What the task asks
Your answer must be an exact copy of the records below, with every picture left out.

Dataset content
+-------+
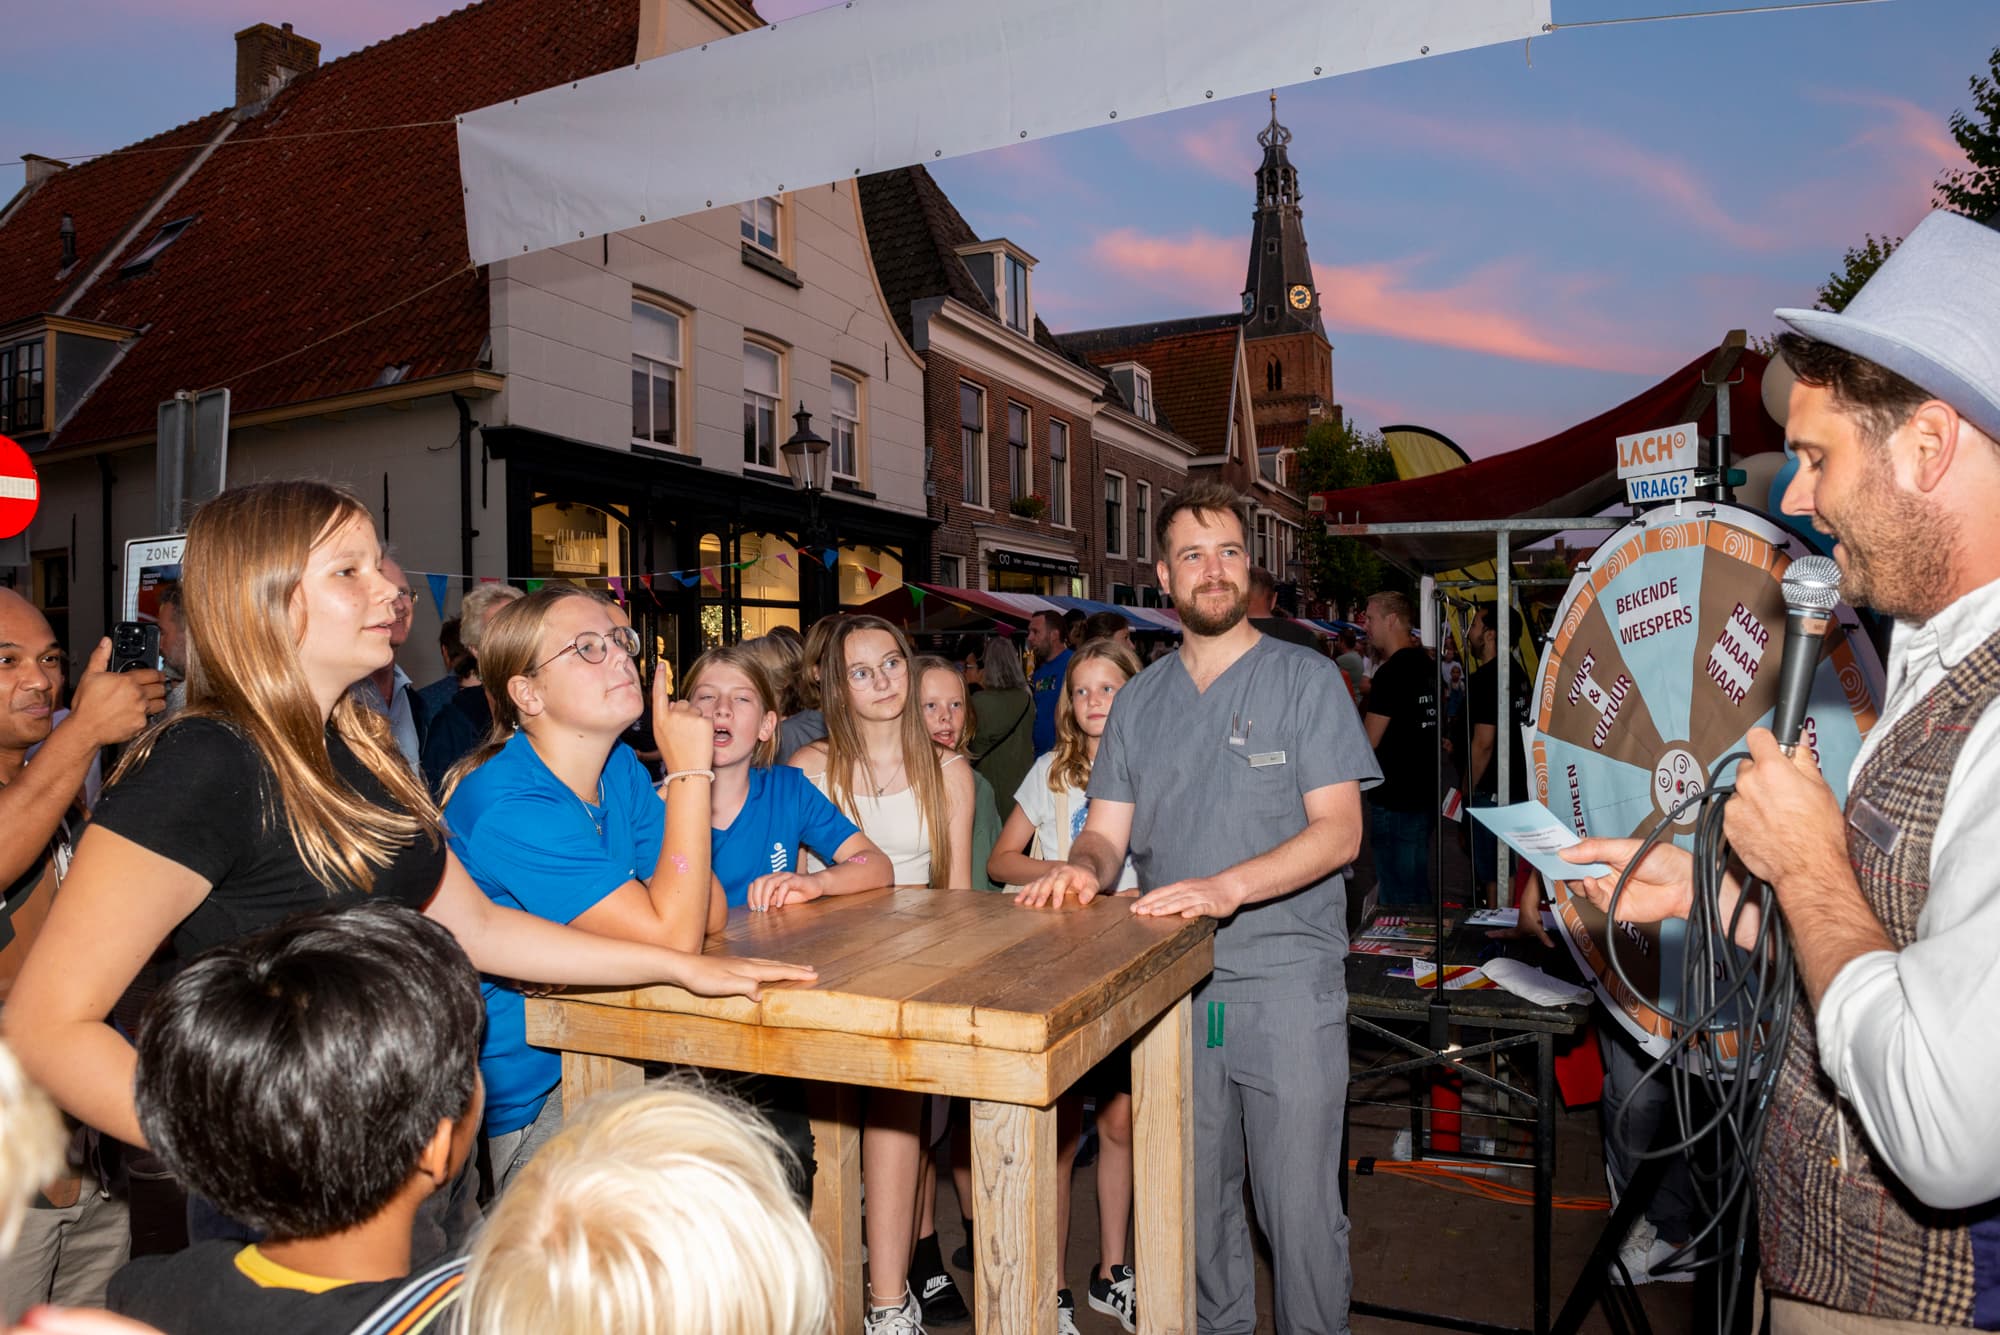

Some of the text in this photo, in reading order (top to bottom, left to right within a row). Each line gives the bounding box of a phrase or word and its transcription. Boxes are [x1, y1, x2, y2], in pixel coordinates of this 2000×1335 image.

[1619, 433, 1673, 467] LACH
[1631, 475, 1688, 500] VRAAG?
[146, 545, 178, 561] ZONE
[1616, 577, 1678, 615] BEKENDE
[1620, 605, 1692, 645] WEESPERS
[1731, 601, 1770, 650] RAAR
[1717, 629, 1760, 681] MAAR
[1567, 648, 1596, 707] KUNST
[1588, 688, 1602, 705] &
[1705, 654, 1746, 708] WAAR
[1592, 673, 1633, 750] CULTUUR
[1566, 764, 1588, 838] GEMEEN
[926, 1275, 949, 1290] NIKE
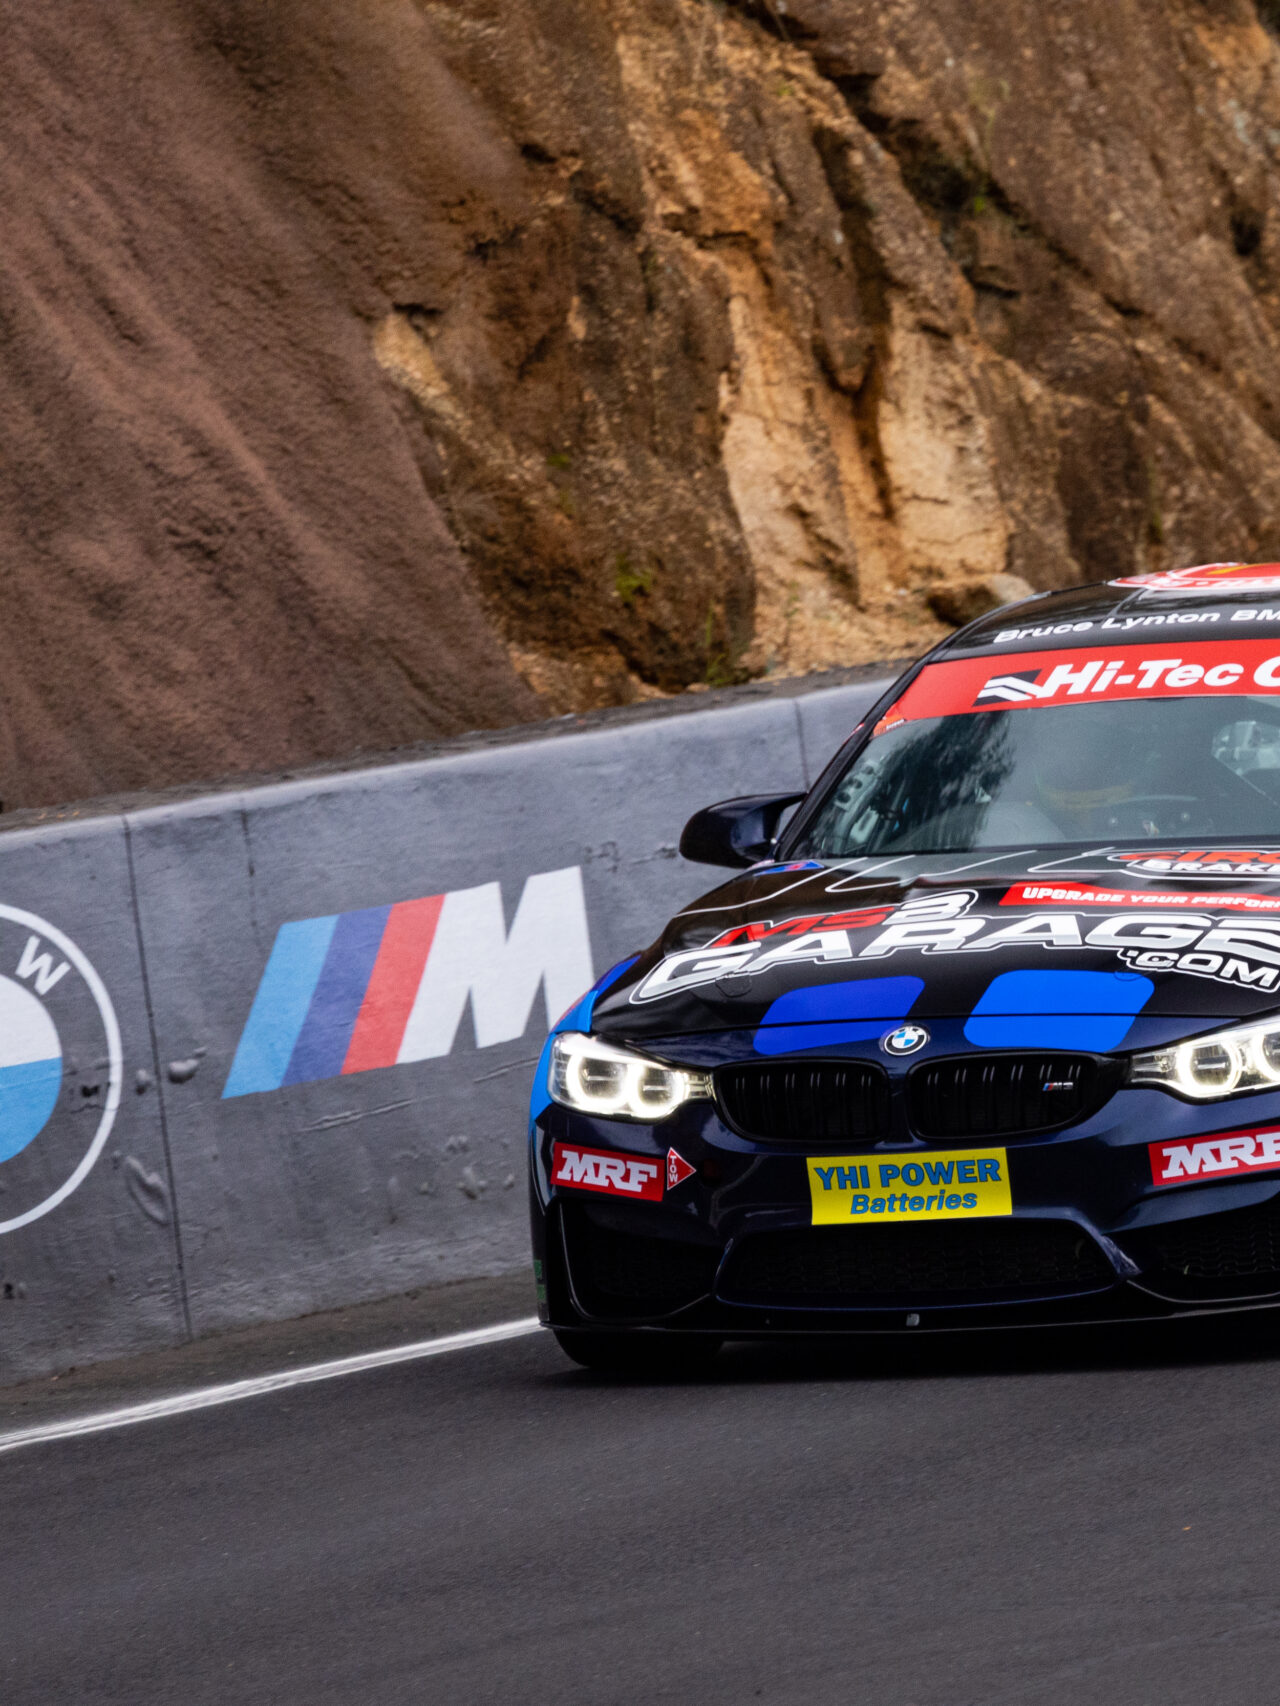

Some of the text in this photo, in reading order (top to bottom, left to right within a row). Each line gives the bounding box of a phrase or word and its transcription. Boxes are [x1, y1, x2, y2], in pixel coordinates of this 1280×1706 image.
+-------+
Exercise response
Some of the text in this photo, in reading order (top to bottom, left to right within a row). Each line gives the bounding box of a phrase or word and its transcription. Boxes are [x1, y1, x2, y2], in pixel coordinates of this 2000×1335 image.

[1619, 433, 1673, 467] LACH
[1631, 475, 1688, 500] VRAAG?
[146, 545, 178, 561] ZONE
[1616, 577, 1678, 615] BEKENDE
[1620, 605, 1692, 645] WEESPERS
[1731, 601, 1770, 650] RAAR
[1717, 629, 1760, 681] MAAR
[1567, 648, 1596, 707] KUNST
[1588, 688, 1602, 705] &
[1705, 654, 1746, 708] WAAR
[1592, 673, 1633, 750] CULTUUR
[1566, 764, 1588, 838] GEMEEN
[926, 1275, 949, 1290] NIKE

Some of the text in this photo, in reading order (top to bottom, left to right within a row). Each line gives the bounding box of a phrase or word and its transcription. Boxes are [x1, y1, x2, y2], in pixel coordinates of this 1280×1706 image.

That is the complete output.